Les nouvelles solutions médicamenteuses pour la gestion du poids séduisent grâce à leur efficacité. Cependant, des interrogations subsistent quant à l’opportunité d’utiliser des compléments alimentaires associés à ces traitements. L’analyse met en lumière l’importance d’une approche nutritionnelle réfléchie pour soutenir la santé des patients sous traitement.

Complément alimentaire. Crédit :
Les nouveaux médicaments « miracles » pour perdre du poids, comme la sémaglutide et la tirzepatide, font le buzz grâce à leur efficacité prouvée dans plusieurs études. Ces traitements permettent de perdre beaucoup de poids et sont généralement bien tolérés, bien qu’ils nécessitent une surveillance médicale stricte en raison de rares effets secondaires graves possibles, tels que la pancréatite aiguë et la cécité soudaine. Le succès de ce marché génère des milliards d’euros pour les fabricants et a débouché sur un secteur parallèle : les compléments alimentaires de support pour les personnes suivant les traitements médicamenteux. Ces produits sont généralement plus coûteux, bien qu’ils contiennent les mêmes principes actifs offerts depuis longtemps en pharmacie. Mais ces compléments sont-ils réellement utiles pour accompagner les traitements à base de médicaments GLP 1 ?
Le professeur Jordan Beaumont, d’une université britannique, répond à cette question dans un article publié sur The Conversation. Il explique que des médicaments tels que la sémaglutide, la tirzepatide et la liraglutide, initialement conçus pour traiter le diabète de type 2, sont devenus des alliés efficaces contre l’excès de poids. Ils fonctionnent en imitant un hormone qui réduit l’appétit et ralentit le transit alimentaire, ce qui pousse les patients à manger moins et donc à maigrir. Les essais cliniques montrent des pertes de plusieurs kilogrammes. Cependant, en mangeant moins, il existe un risque d’apports insuffisants en vitamines et minéraux essentiels, comme les vitamines A, C, D, E et K, les fibres, ainsi que des minéraux tels que le fer, le calcium, le magnésium, le zinc et le cuivre.

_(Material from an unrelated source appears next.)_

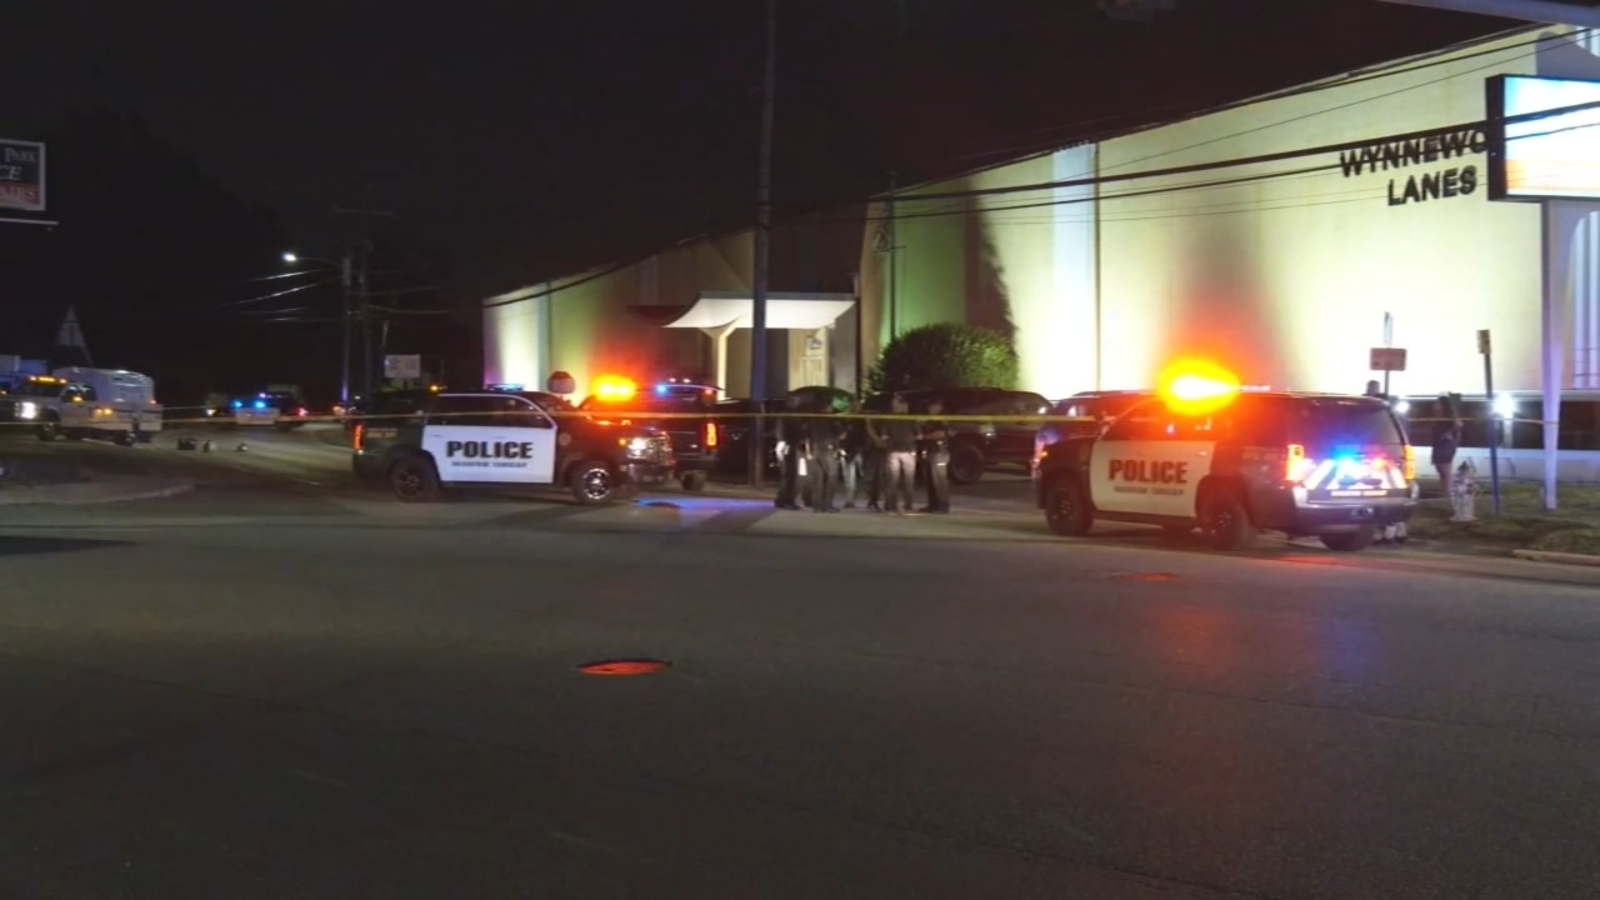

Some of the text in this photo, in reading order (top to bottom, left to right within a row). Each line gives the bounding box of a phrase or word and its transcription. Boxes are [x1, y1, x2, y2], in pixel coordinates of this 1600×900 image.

Les études sur ce risque présentent des résultats variés. La recherche intitulée Nutritional deficiencies and muscle loss in adults with type 2 diabetes using GLP1 receptor agonists, publiée dans Obesity Pillars par des scientifiques de la Cleveland Clinic, indique que jusqu’à 20 % des patients traités par ces médicaments courent un risque de carences nutritionnelles au cours de la première année. En revanche, une autre étude, Micronutrient and Nutritional Deficiencies Associated With GLP 1 Receptor Agonist Therapy, publiée dans Clinical Obesity, suggère que moins de 1 % des patients suivent ce traitement sans présenter de risques significatifs. Face à ces préoccupations, « les entreprises de compléments alimentaires lancent des produits pour soutenir le GLP 1, prétendant compenser les effets secondaires tels que la perte de masse musculaire et les carences en vitamines, en fournissant les nutriments adéquats aux patients », explique l’expert britannique.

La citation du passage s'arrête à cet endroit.